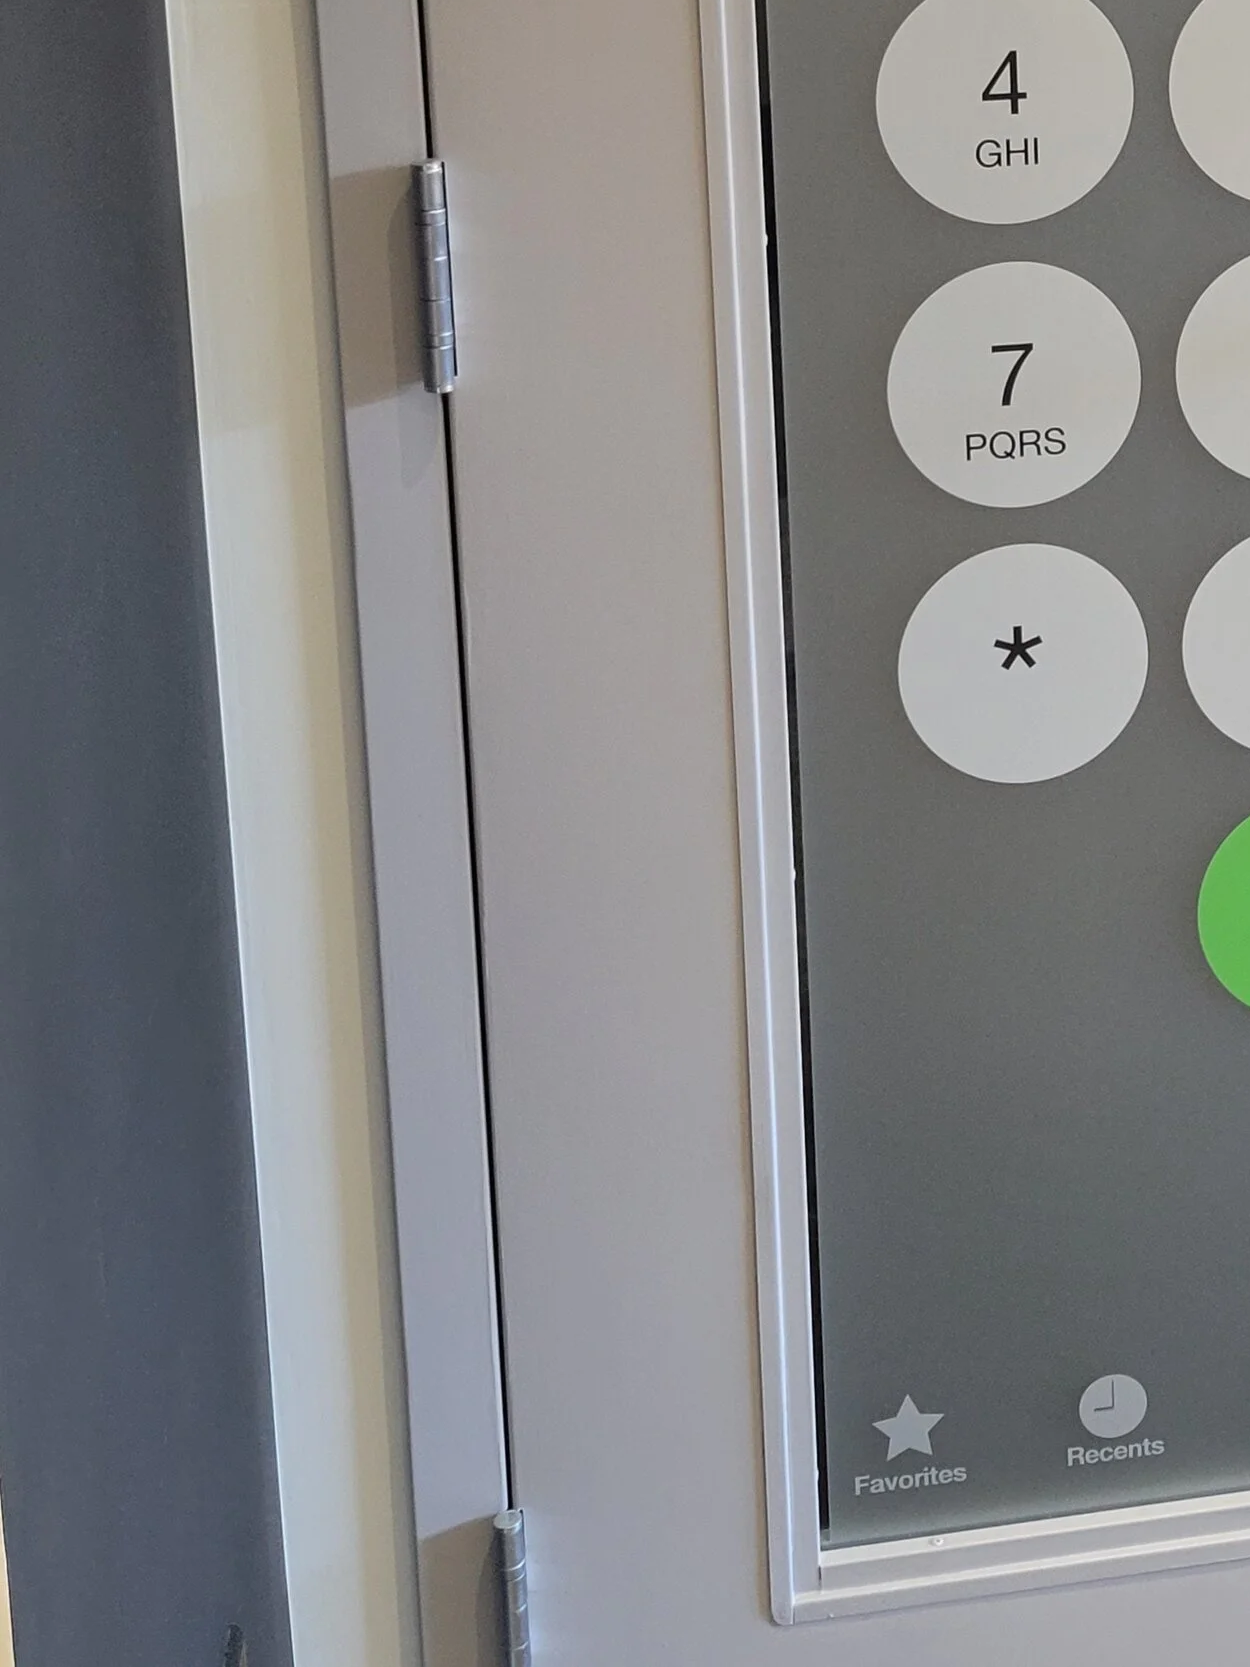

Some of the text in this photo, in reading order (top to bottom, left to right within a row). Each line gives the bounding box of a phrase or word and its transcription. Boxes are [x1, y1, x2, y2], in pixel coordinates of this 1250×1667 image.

[981, 50, 1028, 115] 4
[975, 137, 1039, 168] GHI
[991, 342, 1034, 407] 7
[965, 427, 1067, 461] PQRS
[1067, 1437, 1165, 1467] Recents
[854, 1463, 967, 1496] Favorites
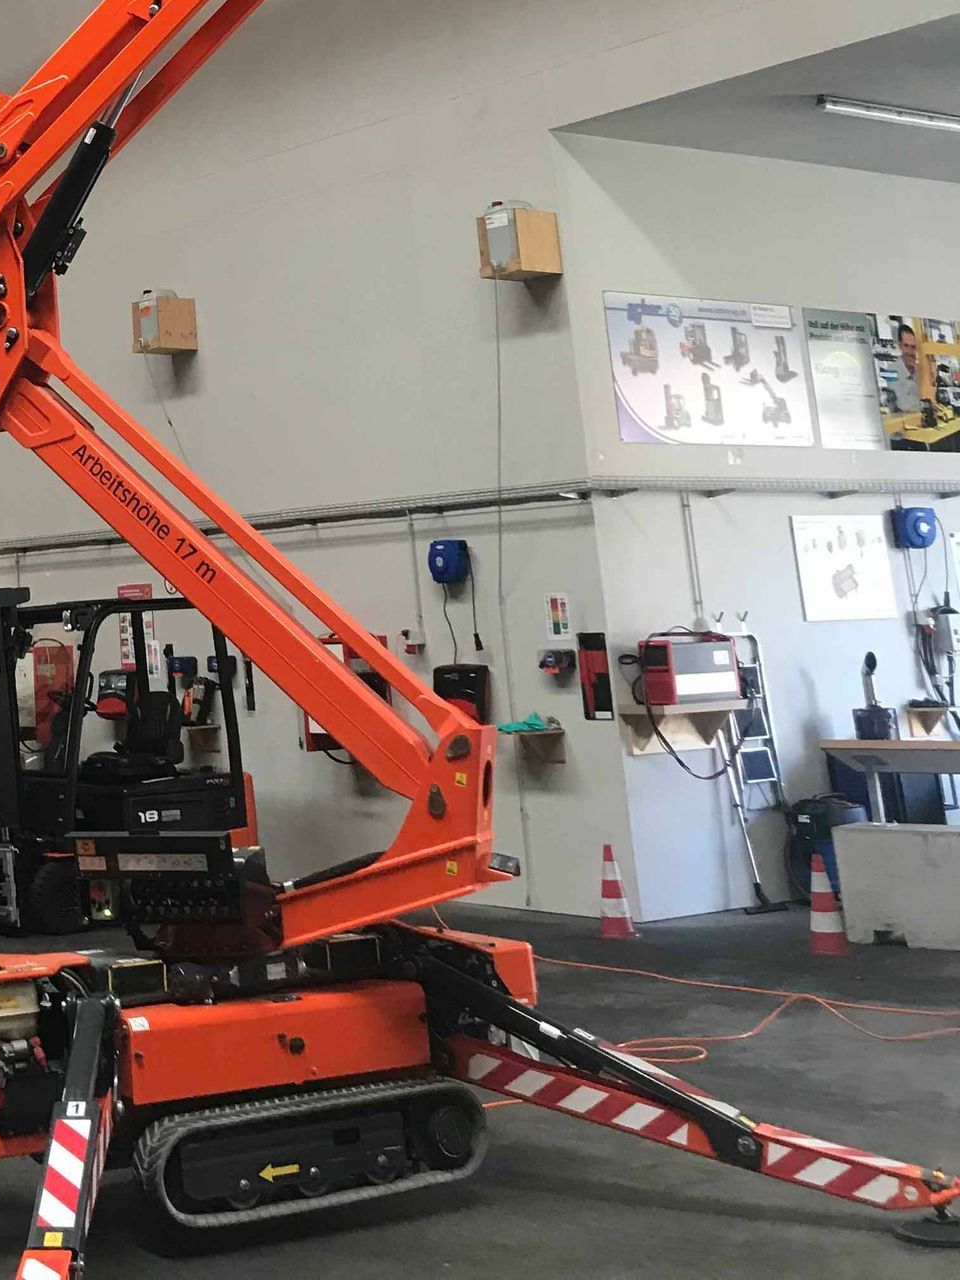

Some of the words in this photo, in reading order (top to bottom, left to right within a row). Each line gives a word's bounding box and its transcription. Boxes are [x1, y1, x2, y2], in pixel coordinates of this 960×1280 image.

[72, 444, 170, 540] Arbeitshöhe
[174, 538, 198, 561] 17
[195, 560, 217, 584] m
[137, 809, 159, 824] 18
[71, 1102, 80, 1115] 1

----

INSTRUCTIONS FOR THE TASK ->
Reproduce the entire listing exactly, except for any pictures it contains.

RESPONSE ->
Some of the text in this photo, in reading order (top to bottom, left to right within a row). Each line gives the bounding box of a phrase or word and its transcription. Boxes are [x1, y1, x2, y2], in pixel coordinates of this 1250×1667 image.

[981, 50, 1028, 115] 4
[975, 137, 1039, 168] GHI
[991, 342, 1034, 407] 7
[965, 427, 1067, 461] PQRS
[1067, 1437, 1165, 1467] Recents
[854, 1463, 967, 1496] Favorites

Some of the words in this photo, in reading order (top to bottom, left to right within a row). Each line gives a word's bounding box and its transcription. Boxes are [x1, y1, x2, y2], in pixel coordinates of this 960×1280 image.

[72, 444, 170, 540] Arbeitshöhe
[174, 538, 198, 561] 17
[195, 560, 217, 584] m
[137, 809, 159, 824] 18
[71, 1102, 80, 1115] 1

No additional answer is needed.